Allora nella New York di oggi si gioca ancora contro la noia: un pugno, uno solo, scagliato con la massima potenza sul viso di una persona scelta a caso. L'obiettivo: stenderla. E poi ridere, darsi il cinque, postare il video su internet. E aspettare che i media, gli amati media, diano la notizia dell'ennesima vittima stesa dal 'one hitter quitter', il colpo singolo che ti manda al tappeto.

 

O all'altro mondo, come è successo negli ultimi 2 anni a decine di ignari passanti, pungiball improvvisati, casuali, per gruppi di giovani desiderosi di dimostrare il proprio coraggio, la mancanza di remore, le qualità necessarie per entrare nel branco e qui sopravvivere. 'Knockout', lo chiamano, il passatempo dei ragazzini americani che fa scandalo e terrorizza, stupisce e non dovrebbe. No che non dovrebbe.

 

L'incomprensibile gratuità di una violenza che appare ancora più spaventosa perchè 'acerba' come il frutto da cui proviene e apparentemente priva di sensi di colpa, spiazza una società che, messa alle strette, non riesce a fare i conti con un futuro che si ribella al passato e alla realtà che quest’ultimo ha partorito.

 

Una realtà che, negli ultimi 30 anni, ha fatto del 'tutto è permesso' il suo mantra prediletto, gonfiando di pseudo-libertà la bocca e il petto dei suoi figli: non ci sono limiti invalicabili, è stato detto, e questo riguarda anche – o soprattutto – la moralità, specialmente se regolata da una norma.

 

Controllare gli impulsi, negoziare il conflitto, abbracciarne le conseguenze è debolezza, è derisione, è letale conformismo.
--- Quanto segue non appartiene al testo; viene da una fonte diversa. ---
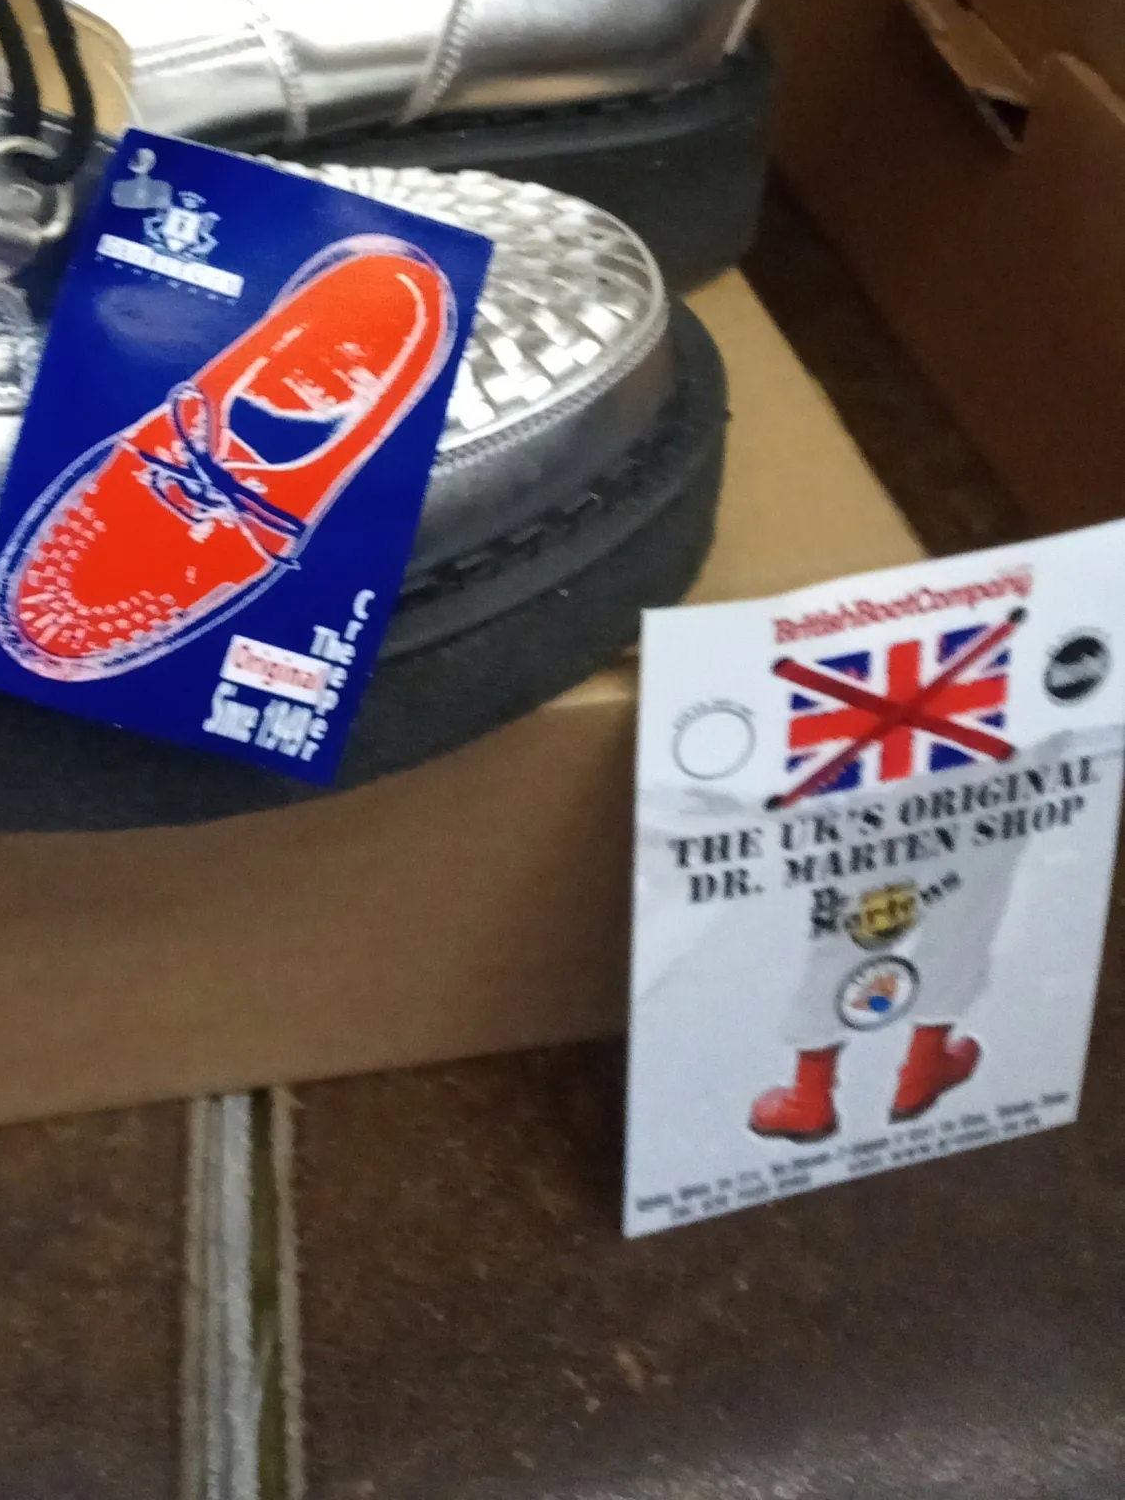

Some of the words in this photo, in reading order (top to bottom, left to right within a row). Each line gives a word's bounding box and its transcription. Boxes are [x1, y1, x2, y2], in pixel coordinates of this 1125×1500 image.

Esagerare, rischiare, vivere l'estremo: questa è sopravvivenza, questa è soddisfazione. E si continua a parlare di disagio attuale, contemporaneo, improvviso di una generazione snaturata, piuttosto che riconoscere il sintomo di una graduale, metamorfica perdita di identità mascherata da forte individualismo.

 

Destabilizzati proprio da quell'incitamento a superare l'equilibrio tra sé e gli altri per imporsi come i più forti e invulnerabili, ai 'giovani d'oggi' (e mi sia consentita una banale generalizzazione) non rimane che affidarsi a quell'aggressività senza ragione che muove l'istinto di sopravvivenza in una realtà in rapida trasformazione. D'altronde, Marx docet, la violenza è “la levatrice di ogni vecchia società, gravida di una nuova società”.